Ciento cuarenta y siete. Llevo pensando unos días en otro modo de
manipulación al que nos pretenden someter, al que de hecho ya nos han sometido.
Parece que invertir
el tiempo en no hacer nada, después de haber cubierto con creces la jornada
laboral, es una amenaza gravísima al conjunto del sistema productivo que atenta
contra las bases, no sólo de la economía, sino de la misma existencia humana.
Uno recuerda a duras
penas algunas de las cosas que aprendió desde bien temprana edad. Otras no,
otras siempre están presentes. Entre ellas, cuando empezaban a explicarle las
clasificaciones básicas de los seres que poblamos este planeta, se afirmaba que
los animales (de los que los humanos somos la cúspide evolutiva, según sostenían)

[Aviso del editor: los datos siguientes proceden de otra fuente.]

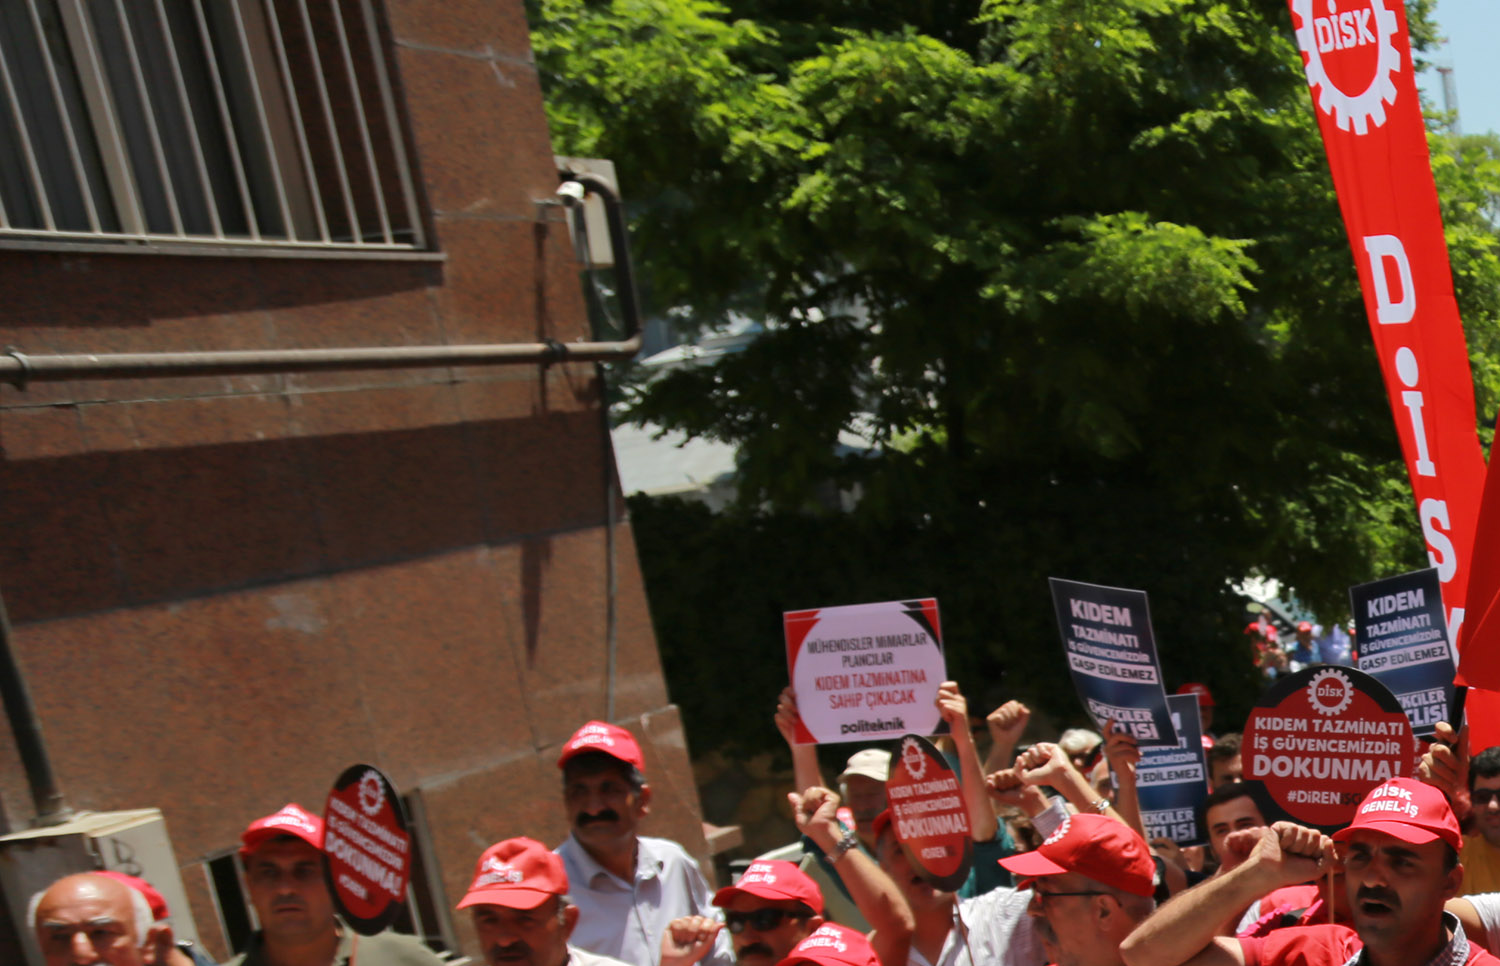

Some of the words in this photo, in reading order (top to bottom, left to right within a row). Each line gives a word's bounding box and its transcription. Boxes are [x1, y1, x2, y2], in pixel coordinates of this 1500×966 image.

nacen, crecen, se reproducen y mueren. Es decir, la esencia de nuestro existir
no consiste en producir más cosas, sino en reproducirnos, no está en amontonar
más propiedades, sino en crecer. Los otros dos conceptos, o sea nacer y morir,
aunque determinantes, no dependen de uno, sobre todo el primero.
Sin embargo desde
hace décadas nos han imbuido en la conciencia que estar desocupado es aberrante.

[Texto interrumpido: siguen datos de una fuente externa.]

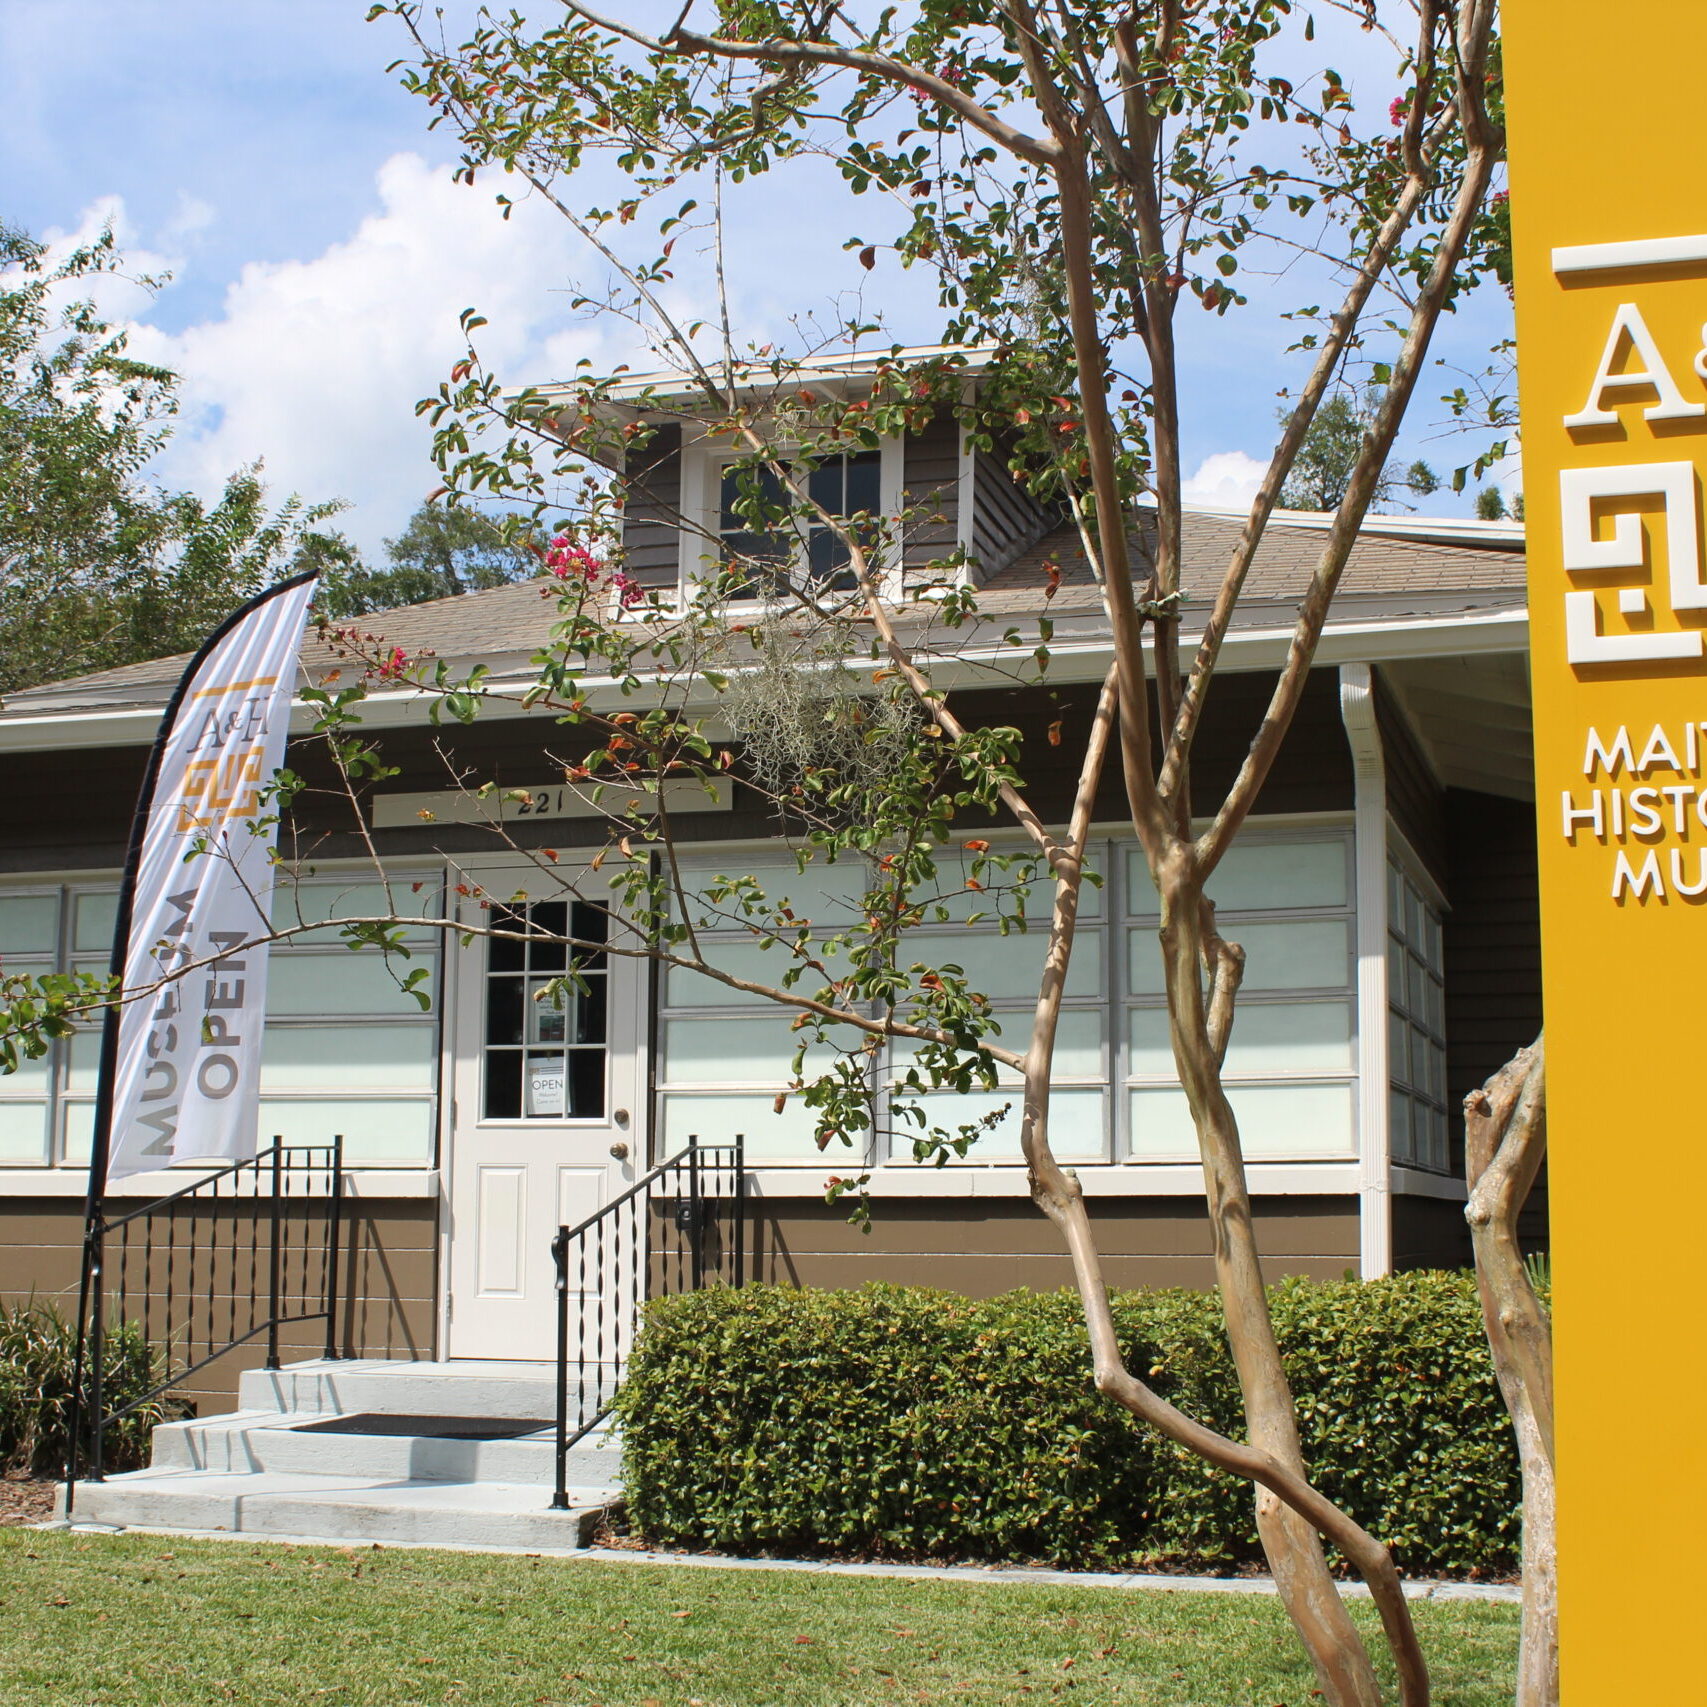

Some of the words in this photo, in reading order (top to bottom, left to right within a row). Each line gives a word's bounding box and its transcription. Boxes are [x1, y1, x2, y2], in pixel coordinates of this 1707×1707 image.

[1583, 722, 1707, 775] MAI
[1561, 785, 1707, 838] HIST
[1611, 847, 1707, 898] MU
[197, 931, 249, 1100] OPEN
[532, 1079, 563, 1090] OPEN

A diferencia de otras épocas, cuando ociosidad era sinónimo de elevada alcurnia,
en estos tiempos la mejor demostración de un alto estatus es estar siempre
ocupadísimo, no disponer de tiempo de ocio. El silogismo es, así puestas las
cosas, de sencilla formulación: si ocupación es igual a riqueza, ocio significa
pobreza.
Me niego a subir a
ese carro. Lo más humano es justo lo contrario de la propuesta de los popes de
la economía, porque lo más humano tiene que ver con lo que nos distingue del
resto de las criaturas y tiene que ver con la evolución del cerebro, ay, ese
órgano que impide que seamos esclavos de los más poderosos y los más fuertes,
ese órgano que atesora la capacidad, no sólo para pensar, sino también para
sentir o para contemplar, es decir para detener la marcha y arrojar la mirada
hacia lo más alto o hacia lo más hondo. Trabajar lo necesario para que el
cuerpo cubra sus necesidades, y disponer de tiempo para contemplar, ésa es la
mayor riqueza, como bien sabían y saben los sabios que en el mundo han sido.
Pero es que, además,
la cuestión es tan aberrante —a mi modo de ver— que hasta el arte ha claudicado
a estas teorías economicistas de pura selva capitalista que nos invaden y por
ósmosis entran en nuestro pensamiento. Como si tuviera complejo o necesitara la
absolución, cada vez se oyen más expresiones en que el sustantivo es industria
—o algún otro vocablo cuyo campo semántico sea casi propincuo— y el adjetivo se
corresponde con un supuesto arte o se equipara éste con cualquier otro tipo de
ocio: industria de la música, industria del cine, industria del arte, industria
del ocio, industria editorial, producciones artísticas…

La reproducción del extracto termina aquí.